Ok, let’s look at this simple model. \[ \begin{aligned} Y = \beta_0 + \beta_1 X + \epsilon \end{aligned} \] Where \(\epsilon\) is a normally distributed random variable with a mean of zero.

If X is normally distributed, Y should obviously be normally distributed. However, if X is not normally distributed or we don’t have appropriate values along its range, Y will not be normally distributed. Let’s look at these cases.

x  <- runif(1000,0,100); #Uniformly distributed from 0-100
y  <- 2 + 0.5*x + rnorm(1000,0,2)
plot(density(y))

Oh my Glob! Y is not normally distributed. What are we to do? Nothing. It’s fine, only the error needs to be normally distributed.

lm1  <- lm(y ~ x)
plot(density(resid(lm1)))

qqnorm(resid(lm1))
qqline(resid(lm1))

require(stats)
shapiro.test(resid(lm1))
## 
##  Shapiro-Wilk normality test
## 
## data:  resid(lm1)
## W = 0.9984, p-value = 0.5096

See, all you need are normally distributed residuals to tell you if a regression is appropriate. Never let another teacher tell you all you variables, or even all your response variables need to be normally distributed.
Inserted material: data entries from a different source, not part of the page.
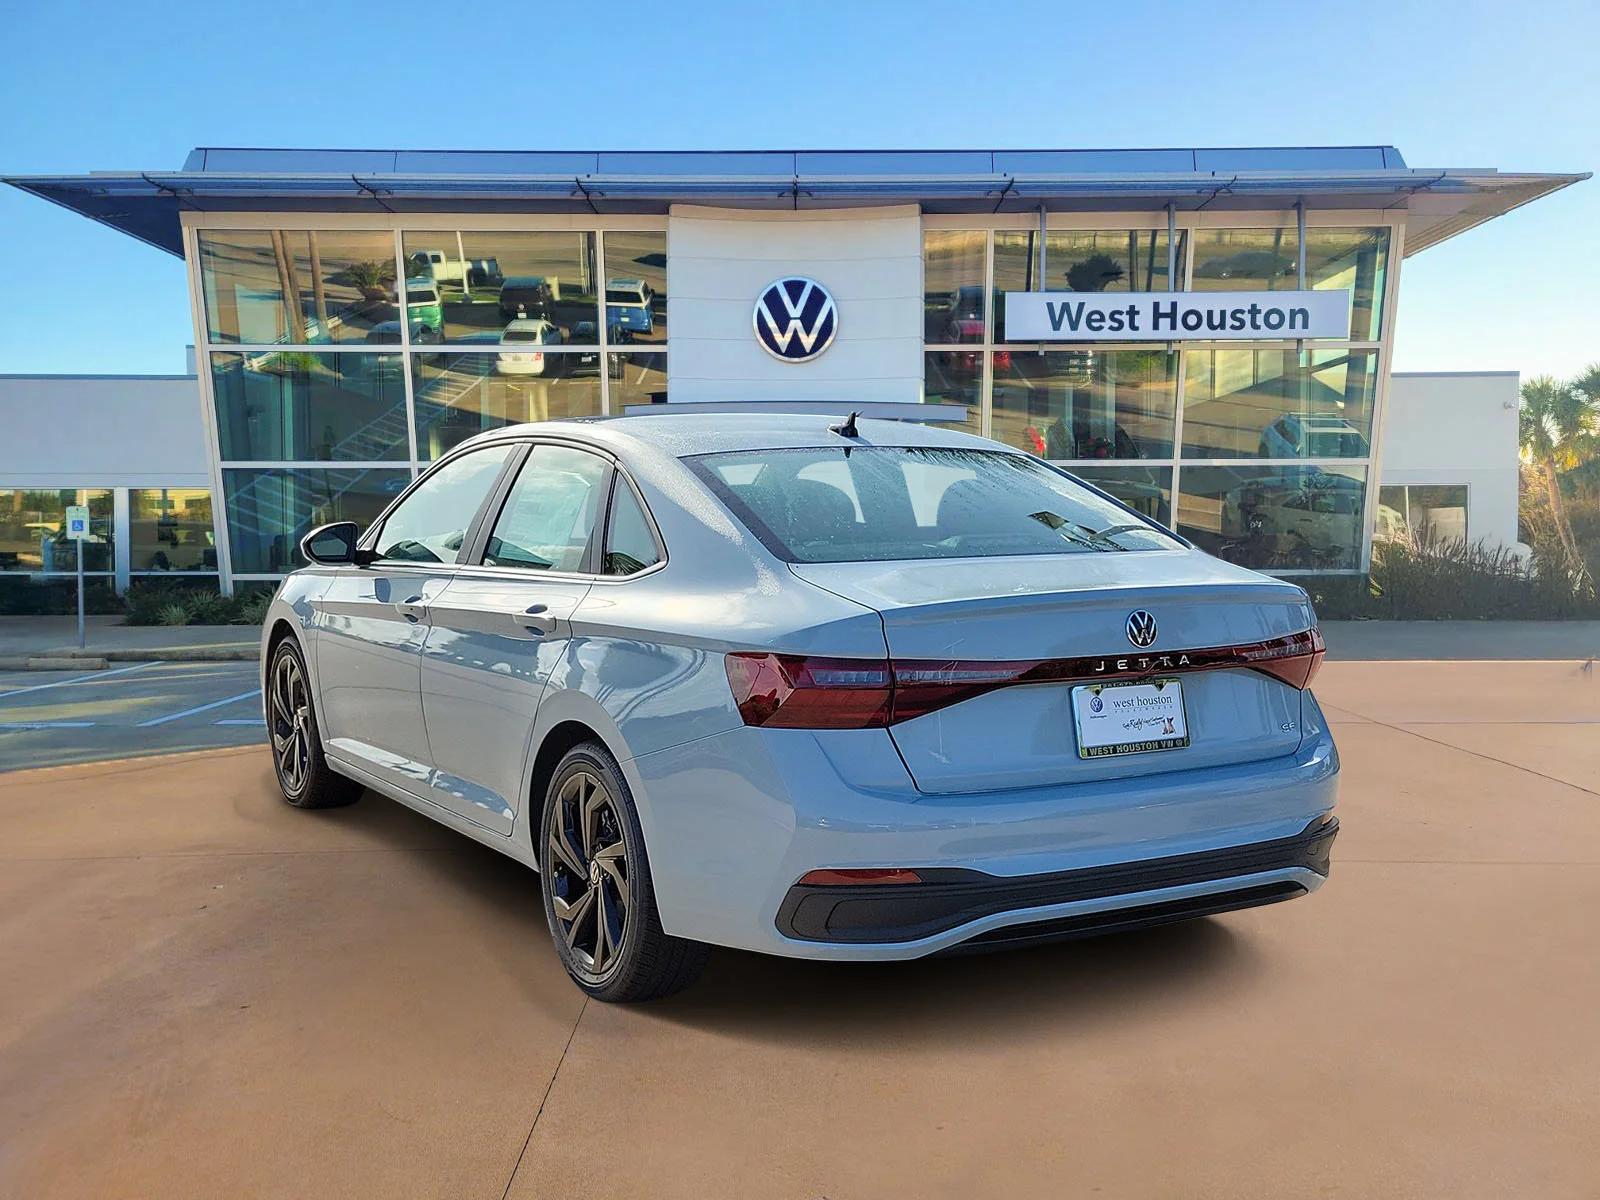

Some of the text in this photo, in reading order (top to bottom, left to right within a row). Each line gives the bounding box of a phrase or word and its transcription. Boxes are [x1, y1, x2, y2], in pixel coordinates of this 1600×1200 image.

[754, 276, 838, 362] VW
[1046, 301, 1310, 332] West Houston
[1126, 609, 1158, 648] VW
[1095, 654, 1190, 672] JETTA
[1113, 696, 1172, 708] west houston
[1089, 739, 1174, 756] WEST HOUSTON VW
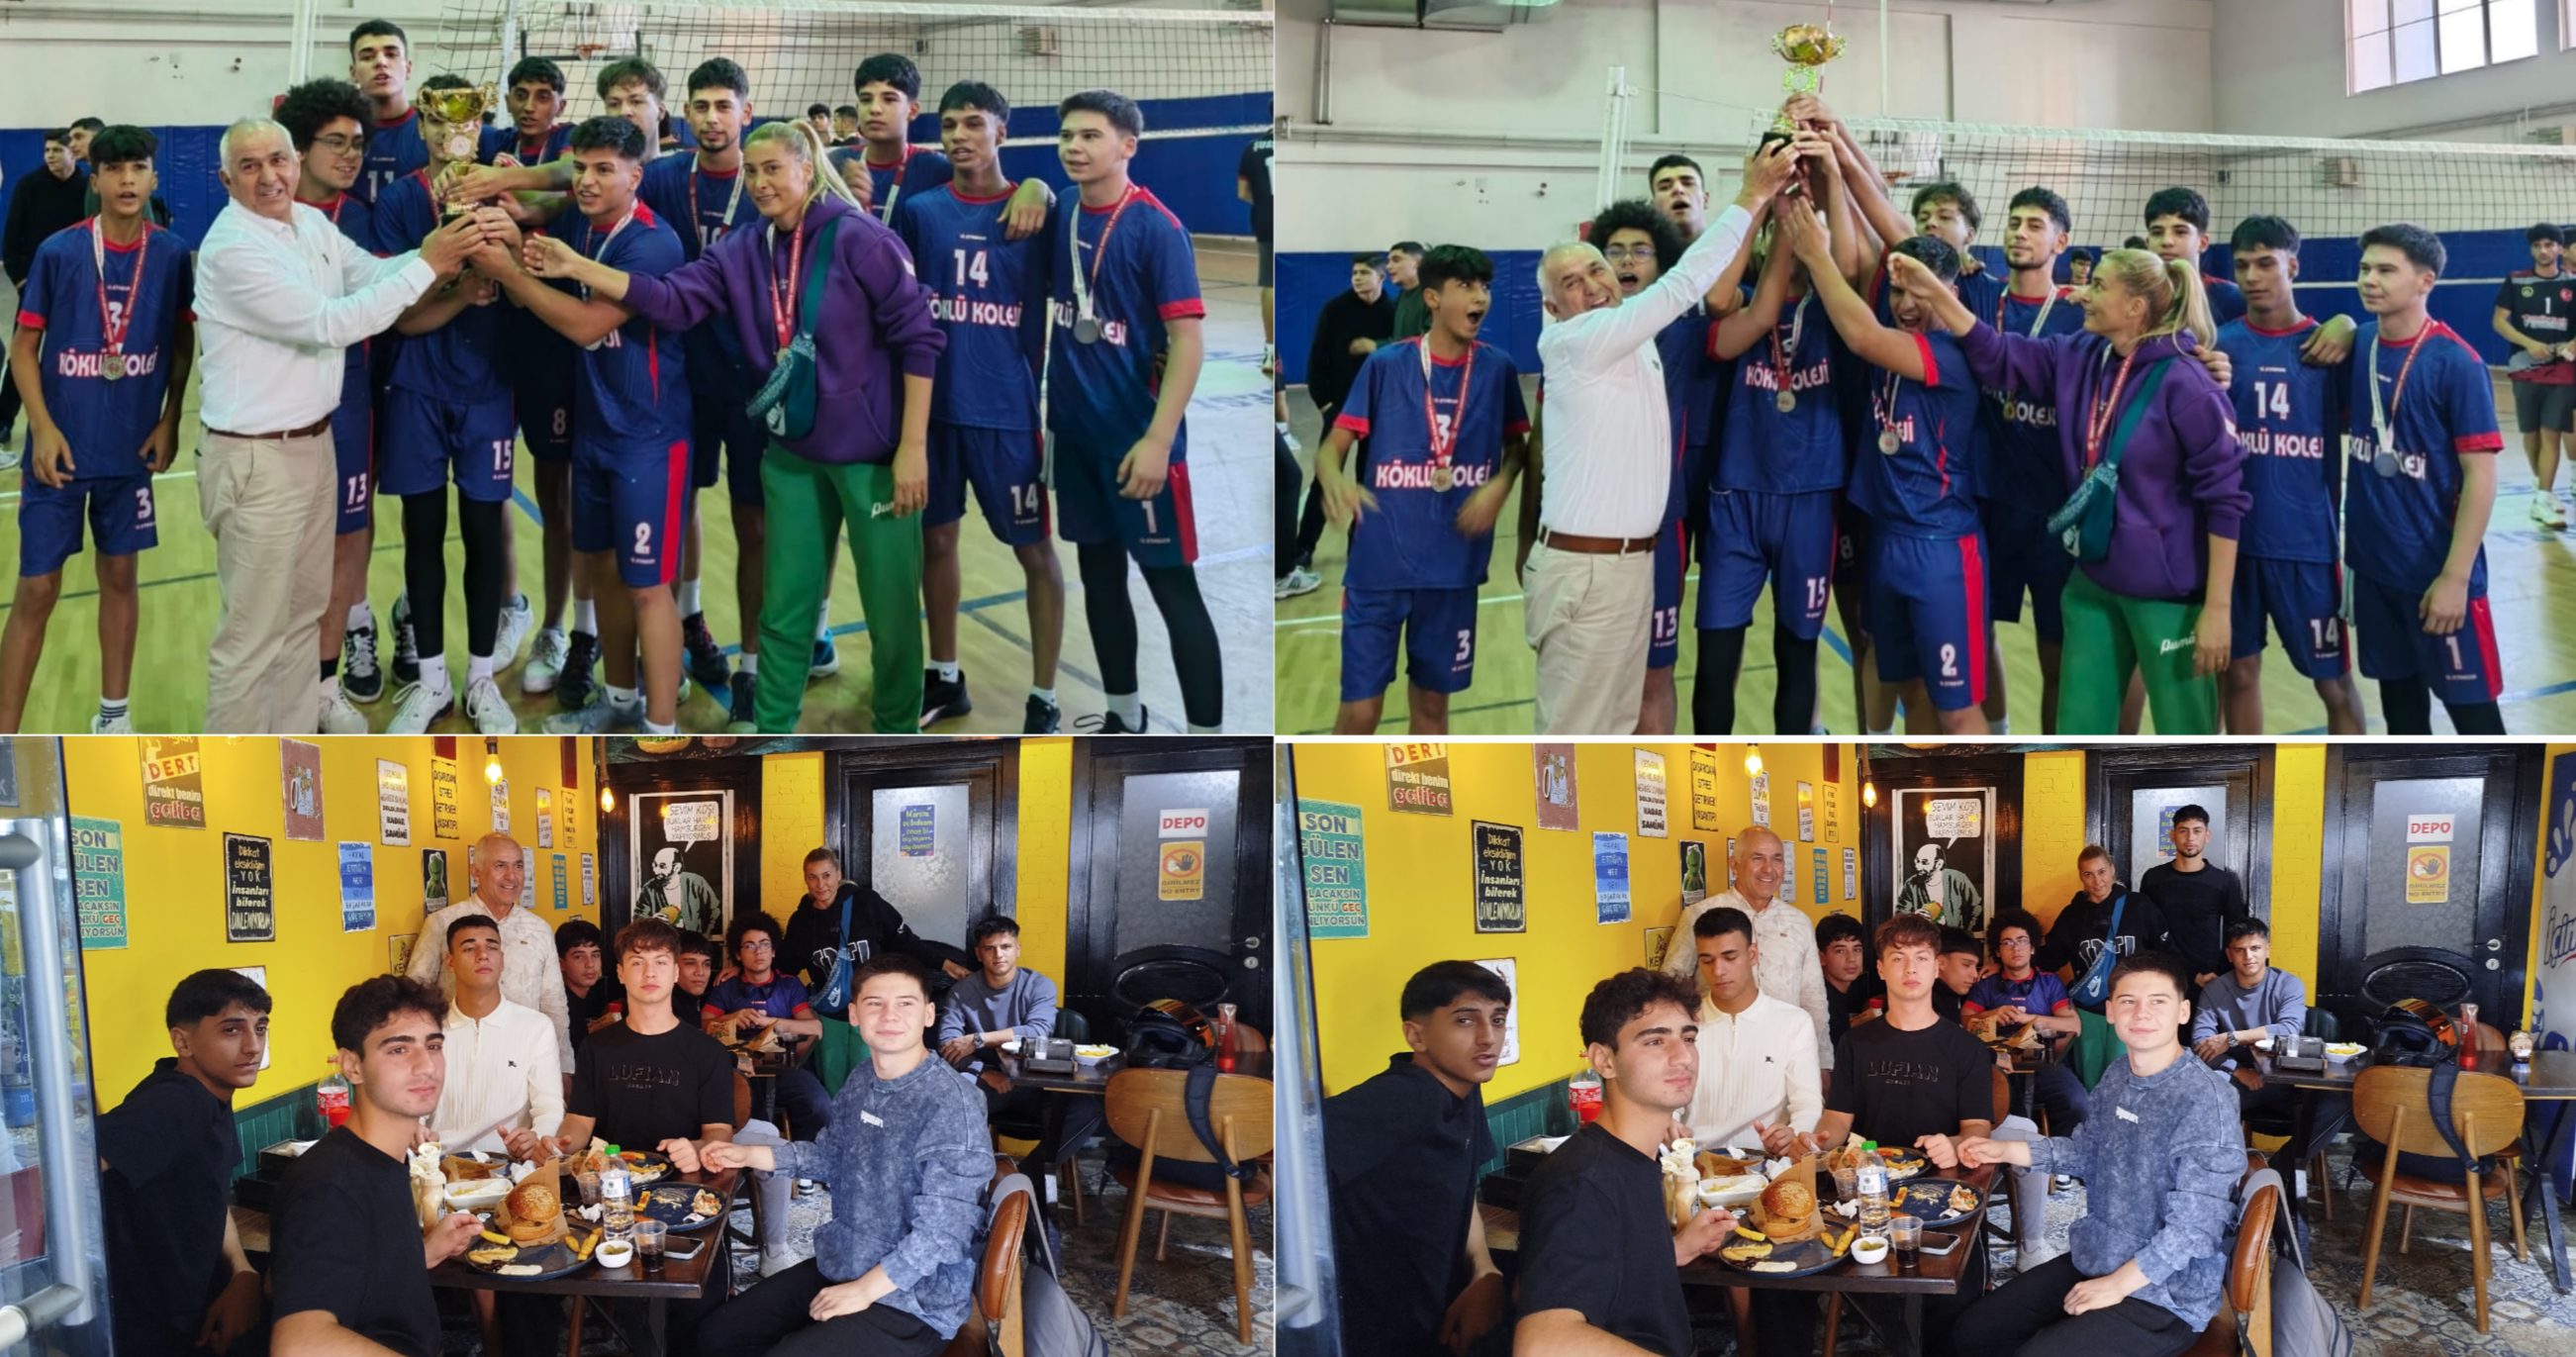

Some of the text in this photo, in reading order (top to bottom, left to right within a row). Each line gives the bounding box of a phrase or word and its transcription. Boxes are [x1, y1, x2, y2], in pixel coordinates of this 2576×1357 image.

[954, 248, 989, 288] 14
[928, 293, 966, 322] ÖKLÜ
[2544, 296, 2551, 315] 1
[104, 301, 123, 339] 3
[1791, 356, 1830, 391] OLEJİ
[2254, 381, 2290, 420] 14
[553, 408, 567, 436] 8
[493, 439, 512, 470] 15
[2275, 435, 2324, 459] KOLEJ
[347, 473, 367, 505] 13
[1010, 483, 1038, 516] 14
[136, 487, 151, 520] 3
[1141, 500, 1157, 533] 1
[634, 522, 651, 555] 2
[1806, 576, 1826, 610] 15
[1655, 607, 1677, 639] 13
[2310, 617, 2339, 649] 14
[1456, 630, 1471, 662] 3
[2445, 636, 2462, 671] 1
[1941, 643, 1957, 677] 2
[1391, 742, 1443, 764] DERT
[148, 755, 196, 780] DERT
[1391, 769, 1448, 789] direkt benim
[148, 785, 201, 803] direkt benim
[1394, 787, 1448, 808] galiba
[150, 802, 202, 822] galiba
[1644, 807, 1663, 817] KADAR
[1163, 817, 1205, 829] DEPO
[1305, 813, 1347, 833] SON
[2410, 822, 2451, 833] DEPO
[71, 829, 107, 848] SON
[1487, 833, 1510, 846] Dikkat
[73, 848, 119, 873] ÜLEN
[239, 845, 259, 857] Dikkat
[240, 870, 261, 882] YOK
[1310, 865, 1349, 884] SEN
[1489, 859, 1512, 873] YOK
[75, 879, 109, 897] SEN
[1480, 869, 1521, 886] İnsanları
[232, 881, 269, 896] İnsanları
[1306, 888, 1360, 900] LACAKSIN
[1484, 887, 1518, 898] bilerek
[78, 902, 119, 912] ACAKSIN
[237, 897, 266, 909] bilerek
[1307, 899, 1362, 916] ÜNKÜ GEÇ
[79, 911, 122, 927] NKÜ GEÇ
[1307, 916, 1365, 927] NLIYORSUN
[609, 1064, 680, 1087] LUFIAN
[1867, 1060, 1940, 1083] LUFIAN
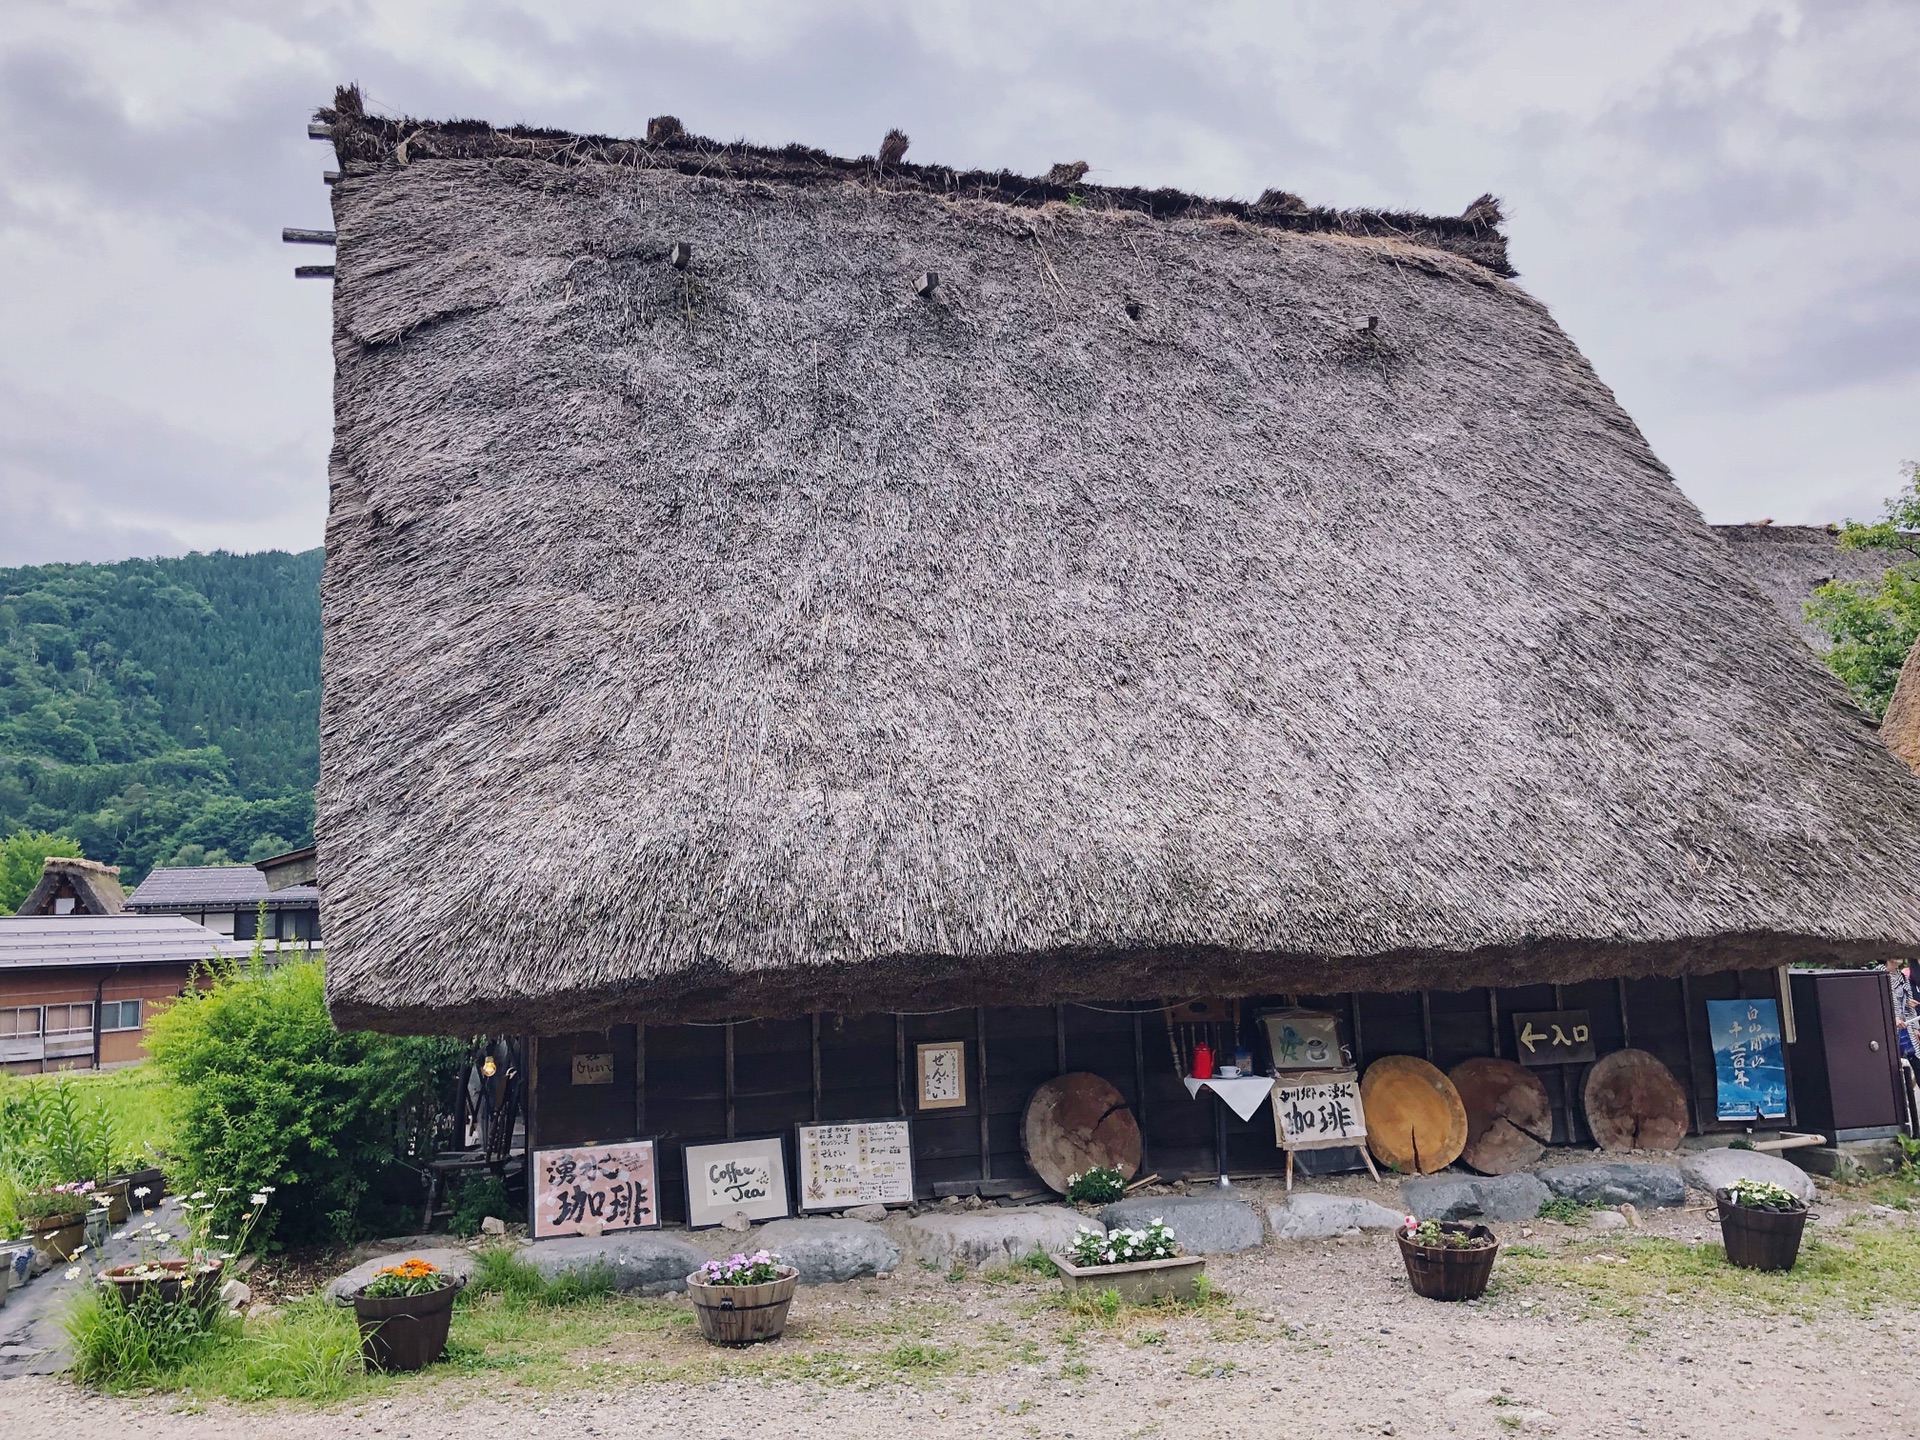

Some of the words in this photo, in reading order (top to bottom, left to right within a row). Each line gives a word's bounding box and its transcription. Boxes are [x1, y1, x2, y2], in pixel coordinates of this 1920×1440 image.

[1551, 1024, 1589, 1046] 入口
[1746, 1005, 1765, 1068] 白山開山
[932, 1051, 949, 1099] ぜんざい
[1284, 1100, 1355, 1137] 珈琲
[546, 1153, 619, 1187] 湧水
[709, 1161, 756, 1184] Coffee
[553, 1181, 651, 1226] 珈琲
[724, 1181, 766, 1202] Tea
Let’s look at another common case where x is lognormally distributed.

x  <- rlnorm(100, 10)
y  <- 2 + 0.5*x + rnorm(100,0,2);
plot(density(y))

Well that’s really not normal. But now let’s look at the residuals again.

lm2  <- lm(y ~ x)
plot(density(resid(lm2)))

qqnorm(resid(lm2))
qqline(resid(lm2))

shapiro.test(resid(lm2))
## 
##  Shapiro-Wilk normality test
## 
## data:  resid(lm2)
## W = 0.9881, p-value = 0.5142

That looks great! So there you have it. Stop worrying about non-normal response variables.